_YOUR OBJECTIVE_:
Set down all of the data exactly. Pictures stay out of the copy.

_DATASET CONTENT_:
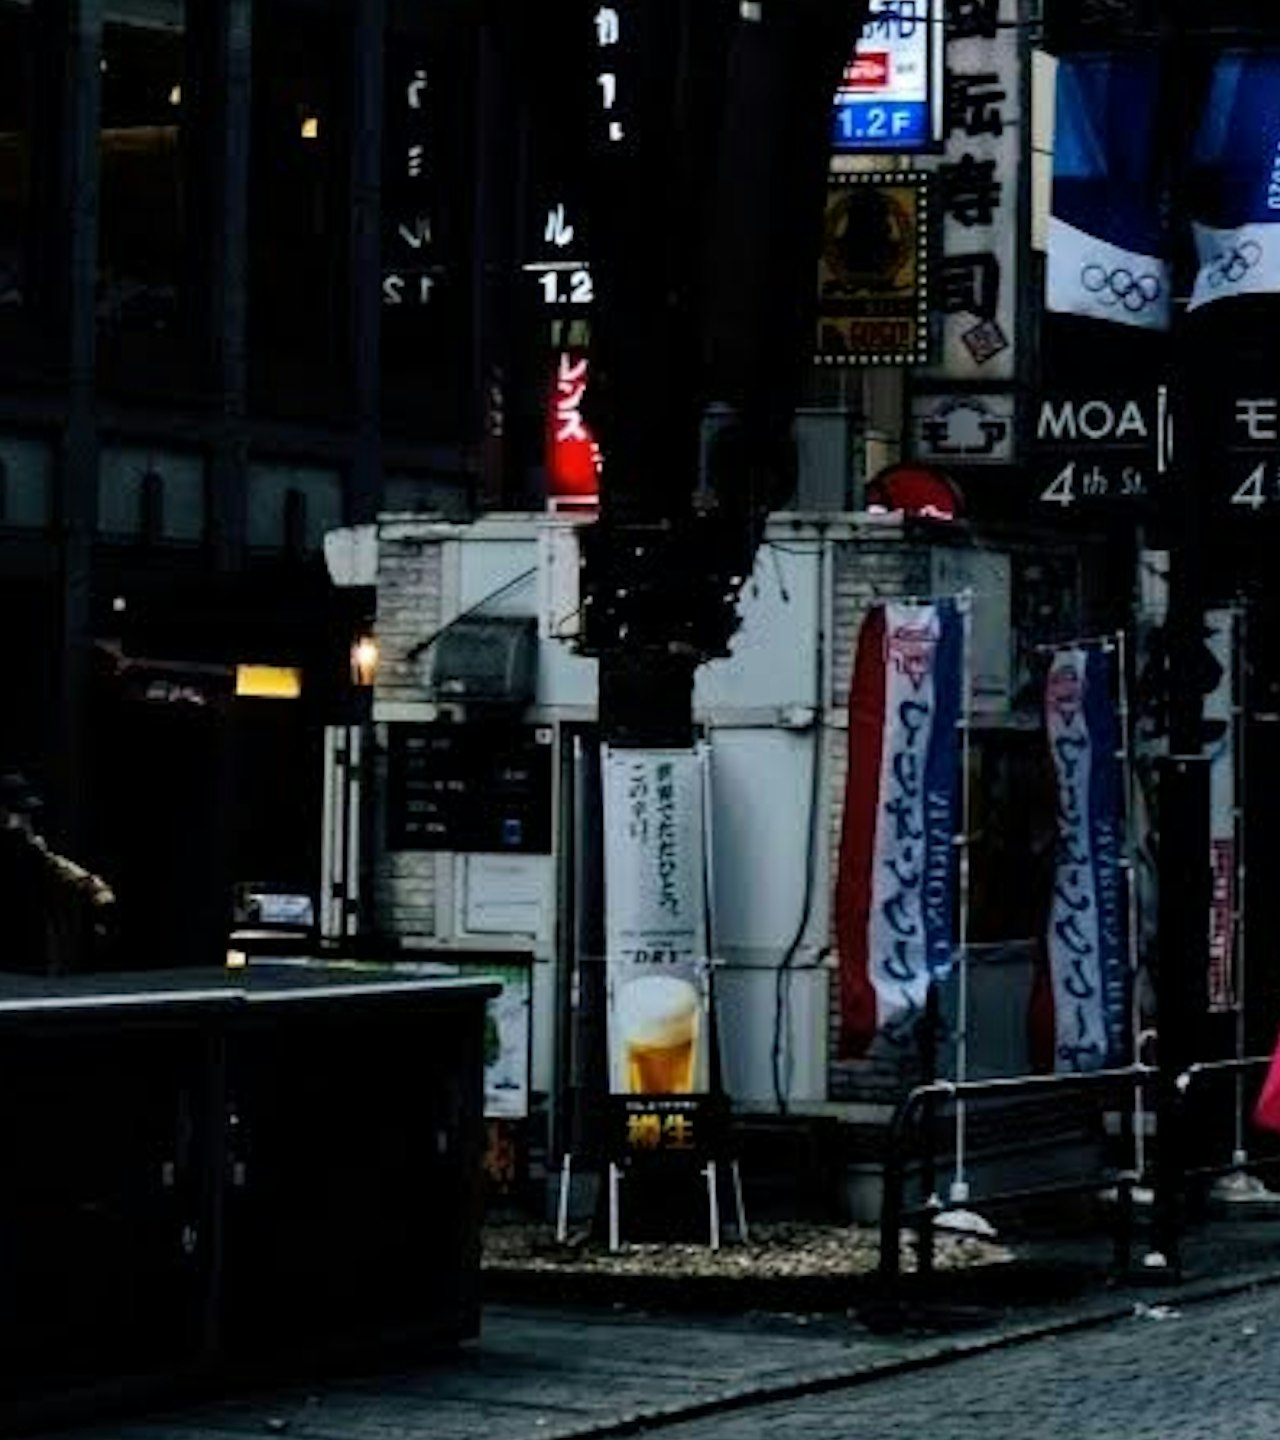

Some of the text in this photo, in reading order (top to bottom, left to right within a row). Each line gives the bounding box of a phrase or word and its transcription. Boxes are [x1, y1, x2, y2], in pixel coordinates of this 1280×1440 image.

[837, 108, 912, 138] 1.2F
[1036, 400, 1148, 440] MOA
[1038, 460, 1110, 509] 4th
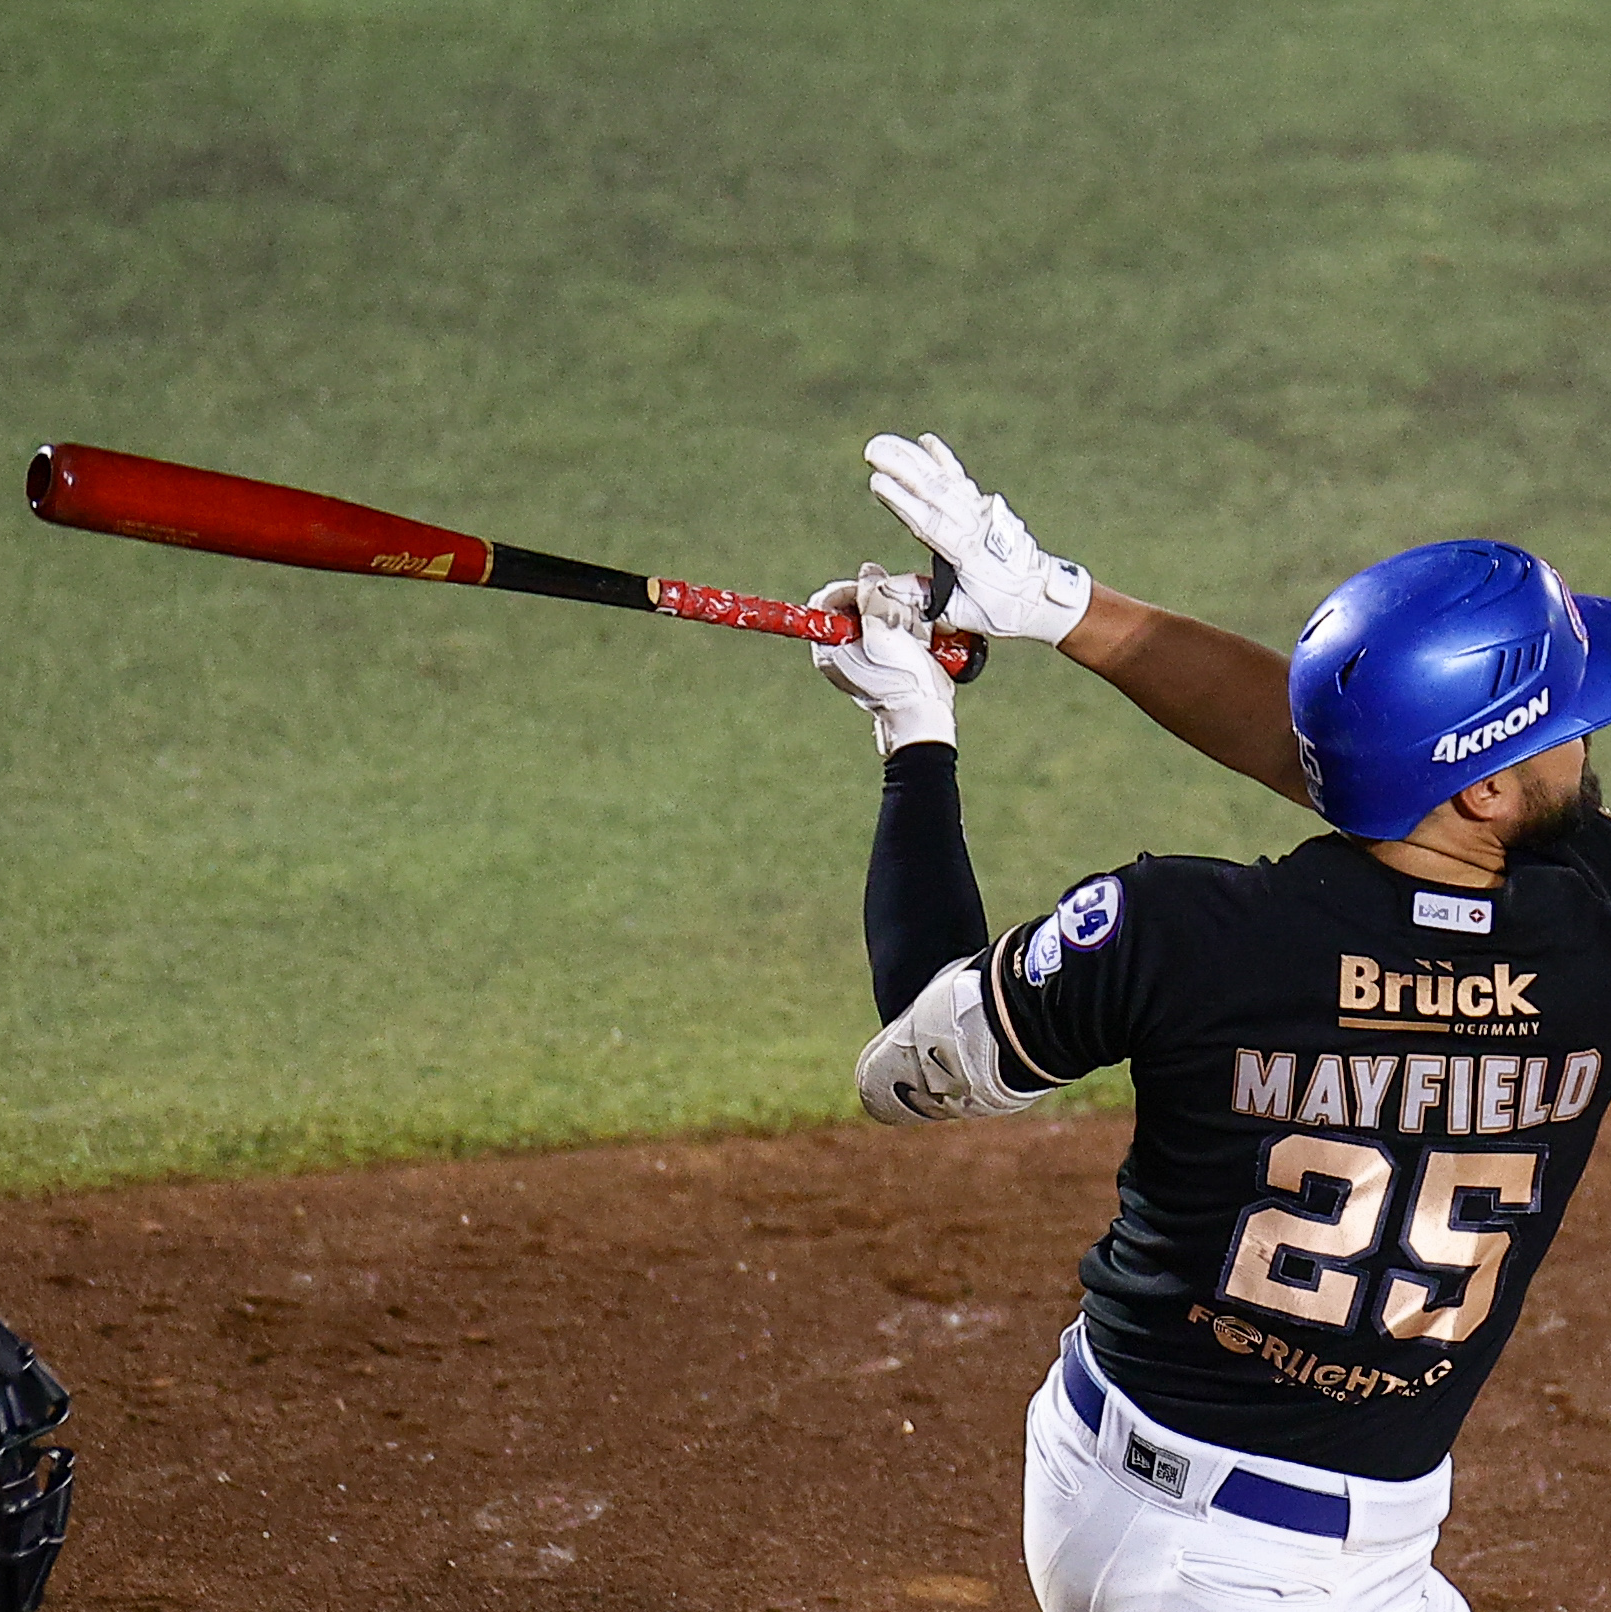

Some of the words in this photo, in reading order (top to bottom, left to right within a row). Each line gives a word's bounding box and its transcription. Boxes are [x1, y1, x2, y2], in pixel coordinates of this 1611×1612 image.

[1431, 687, 1550, 763] AKRON
[1073, 885, 1109, 940] 34
[1338, 953, 1540, 1018] Brück
[1454, 1021, 1540, 1036] GERMANY
[1232, 1048, 1600, 1134] MAYFIELD
[1220, 1132, 1549, 1345] 25
[1187, 1303, 1454, 1400] FORLIGHTG
[1155, 1470, 1177, 1485] ERA
[1157, 1460, 1179, 1476] NEW

_ANSWER SPACE_:
Some of the text in this photo, in reading order (top to bottom, left to right within a row). Each line gives the bounding box of a phrase or word and its transcription. Boxes are [x1, y1, x2, y2], in pixel coordinates of this 1280×1440 image.

[837, 108, 912, 138] 1.2F
[1036, 400, 1148, 440] MOA
[1038, 460, 1110, 509] 4th

Some of the words in this photo, in reading order (top to bottom, left to right within a row). Each line gives a word's bounding box and its transcription. Boxes are [x1, y1, x2, y2], in pixel coordinates of this 1611×1612 image.

[1431, 687, 1550, 763] AKRON
[1073, 885, 1109, 940] 34
[1338, 953, 1540, 1018] Brück
[1454, 1021, 1540, 1036] GERMANY
[1232, 1048, 1600, 1134] MAYFIELD
[1220, 1132, 1549, 1345] 25
[1187, 1303, 1454, 1400] FORLIGHTG
[1155, 1470, 1177, 1485] ERA
[1157, 1460, 1179, 1476] NEW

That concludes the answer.